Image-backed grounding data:
====================

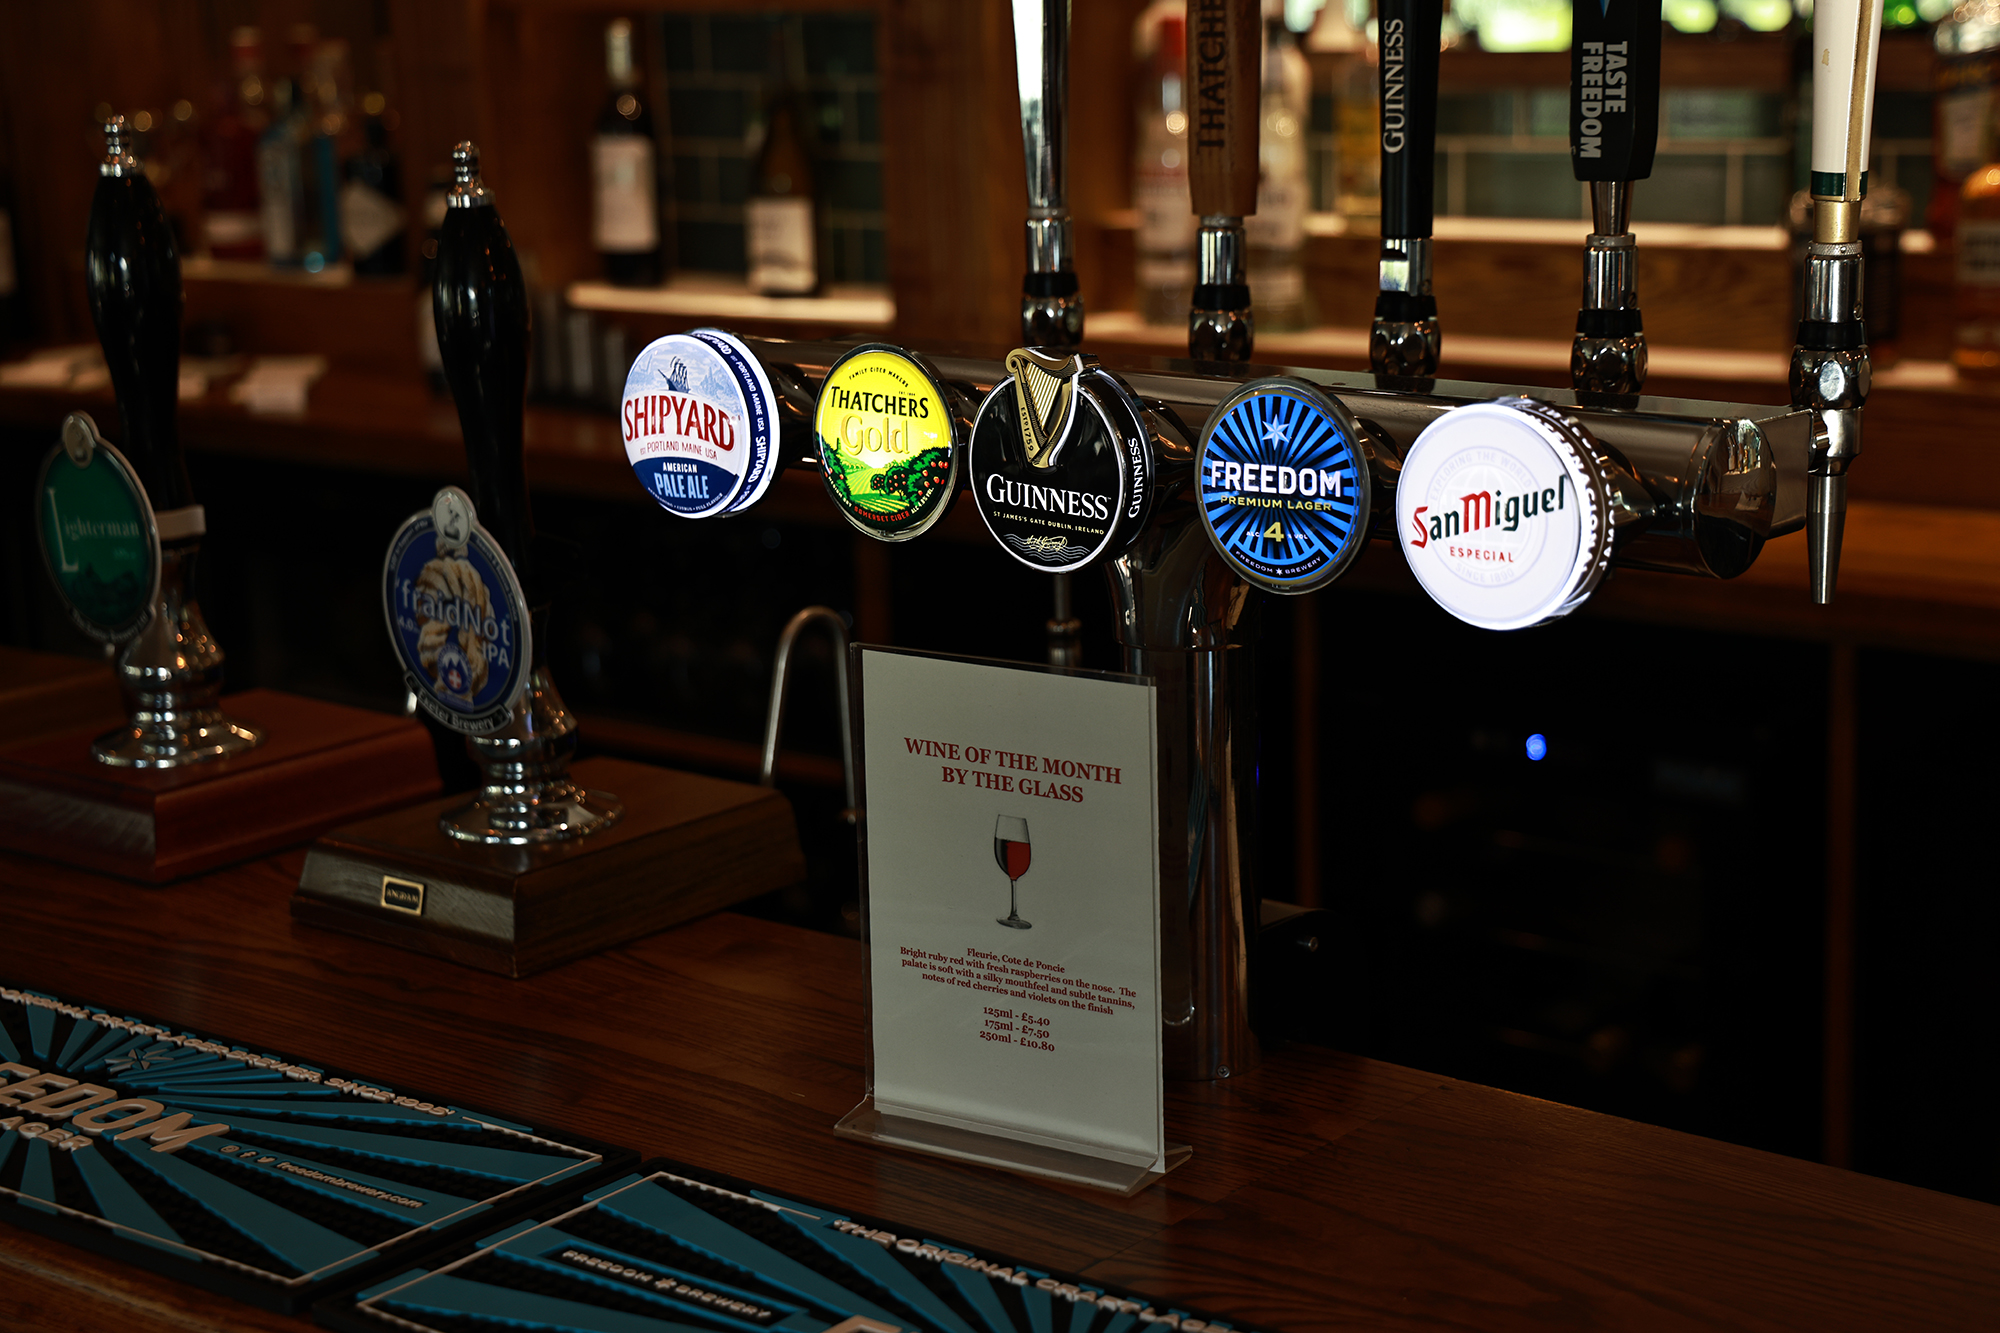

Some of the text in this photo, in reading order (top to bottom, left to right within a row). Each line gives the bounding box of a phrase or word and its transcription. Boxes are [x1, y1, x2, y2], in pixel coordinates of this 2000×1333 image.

[1382, 18, 1405, 154] GUINNESS
[1604, 40, 1628, 113] TASTE
[1580, 41, 1604, 158] FREEDOM
[736, 361, 756, 391] PORTLAND
[752, 393, 762, 415] MAINE
[757, 417, 766, 432] USA
[849, 368, 867, 380] FAMILY
[888, 371, 909, 388] MAKERS
[831, 386, 929, 418] THATCHERS
[624, 395, 735, 452] SHIPYARD
[841, 414, 910, 456] Gold
[1023, 428, 1034, 451] 1759
[647, 441, 680, 453] PORTLAND
[681, 443, 702, 456] MAINE
[705, 447, 718, 461] USA
[663, 462, 697, 473] AMERICAN
[748, 435, 767, 483] SHIPYARD
[654, 472, 686, 499] PALE
[688, 475, 710, 499] ALE
[1128, 437, 1144, 518] GUINNESS
[1211, 460, 1341, 497] FREEDOM
[1430, 451, 1532, 501] EXPLORING THE WORLD
[854, 506, 889, 522] SOMERSET
[890, 510, 910, 522] CIDER
[986, 473, 1109, 520] GUINNESS
[1220, 495, 1332, 511] PREMIUM LAGER
[45, 486, 140, 573] Lighterman
[1003, 512, 1028, 522] JAMES'S
[1030, 517, 1046, 526] GATE
[1075, 525, 1104, 535] IRELAND
[1263, 521, 1285, 542] 4
[1235, 550, 1322, 575] FREEDOM BREWERY
[1450, 546, 1515, 563] ESPECIAL
[1456, 563, 1486, 583] SINCE
[481, 639, 511, 669] IPA
[452, 714, 496, 731] Brewery
[904, 737, 1122, 784] WINE OF THE MONTH
[941, 766, 1084, 803] BY THE GLASS
[900, 946, 1137, 998] Bright ruby red with fresh raspberries on the nose. The
[967, 947, 1066, 974] Fleurie, Cote de Poncie
[901, 959, 928, 969] palate
[929, 962, 937, 971] is
[938, 965, 954, 975] soft
[955, 968, 974, 978] with
[983, 972, 1003, 984] silky
[1005, 977, 1049, 992] mouthfeel
[1050, 986, 1067, 996] and
[1069, 990, 1097, 1001] subtle
[1098, 994, 1135, 1010] tannins,
[922, 972, 1114, 1015] notes of red cherries and violets on the finish
[983, 1006, 1013, 1019] 125ml
[1021, 1012, 1050, 1026] £5.40
[984, 1018, 1013, 1031] 175ml
[1021, 1025, 1050, 1039] £7.50
[979, 1030, 1012, 1044] 250ml
[1020, 1037, 1055, 1052] £10.80
[156, 1031, 229, 1059] LAGER
[324, 1077, 396, 1104] SINCE
[275, 1161, 424, 1209] freedombrewery.com
[562, 1249, 772, 1319] FREEDOM BREWERY
[896, 1238, 1029, 1286] ORIGINAL
[1035, 1278, 1142, 1314] CRAFT

====================

WHAT IS EXPECTED:
Only an exact copy of the records counts as an answer. Leave out the images.

OUTPUT OF THE TASK:
Some of the text in this photo, in reading order (top to bottom, left to right within a row). Each line gives the bounding box of a phrase or word and its transcription. Boxes are [x1, y1, x2, y2], in pixel coordinates of this 2000×1333 image.

[1382, 18, 1405, 154] GUINNESS
[1604, 40, 1628, 113] TASTE
[1580, 41, 1604, 158] FREEDOM
[736, 361, 756, 391] PORTLAND
[752, 393, 762, 415] MAINE
[757, 417, 766, 432] USA
[849, 368, 867, 380] FAMILY
[888, 371, 909, 388] MAKERS
[831, 386, 929, 418] THATCHERS
[624, 395, 735, 452] SHIPYARD
[841, 414, 910, 456] Gold
[1023, 428, 1034, 451] 1759
[647, 441, 680, 453] PORTLAND
[681, 443, 702, 456] MAINE
[705, 447, 718, 461] USA
[663, 462, 697, 473] AMERICAN
[748, 435, 767, 483] SHIPYARD
[654, 472, 686, 499] PALE
[688, 475, 710, 499] ALE
[1128, 437, 1144, 518] GUINNESS
[1211, 460, 1341, 497] FREEDOM
[1430, 451, 1532, 501] EXPLORING THE WORLD
[854, 506, 889, 522] SOMERSET
[890, 510, 910, 522] CIDER
[986, 473, 1109, 520] GUINNESS
[1220, 495, 1332, 511] PREMIUM LAGER
[45, 486, 140, 573] Lighterman
[1003, 512, 1028, 522] JAMES'S
[1030, 517, 1046, 526] GATE
[1075, 525, 1104, 535] IRELAND
[1263, 521, 1285, 542] 4
[1235, 550, 1322, 575] FREEDOM BREWERY
[1450, 546, 1515, 563] ESPECIAL
[1456, 563, 1486, 583] SINCE
[481, 639, 511, 669] IPA
[452, 714, 496, 731] Brewery
[904, 737, 1122, 784] WINE OF THE MONTH
[941, 766, 1084, 803] BY THE GLASS
[900, 946, 1137, 998] Bright ruby red with fresh raspberries on the nose. The
[967, 947, 1066, 974] Fleurie, Cote de Poncie
[901, 959, 928, 969] palate
[929, 962, 937, 971] is
[938, 965, 954, 975] soft
[955, 968, 974, 978] with
[983, 972, 1003, 984] silky
[1005, 977, 1049, 992] mouthfeel
[1050, 986, 1067, 996] and
[1069, 990, 1097, 1001] subtle
[1098, 994, 1135, 1010] tannins,
[922, 972, 1114, 1015] notes of red cherries and violets on the finish
[983, 1006, 1013, 1019] 125ml
[1021, 1012, 1050, 1026] £5.40
[984, 1018, 1013, 1031] 175ml
[1021, 1025, 1050, 1039] £7.50
[979, 1030, 1012, 1044] 250ml
[1020, 1037, 1055, 1052] £10.80
[156, 1031, 229, 1059] LAGER
[324, 1077, 396, 1104] SINCE
[275, 1161, 424, 1209] freedombrewery.com
[562, 1249, 772, 1319] FREEDOM BREWERY
[896, 1238, 1029, 1286] ORIGINAL
[1035, 1278, 1142, 1314] CRAFT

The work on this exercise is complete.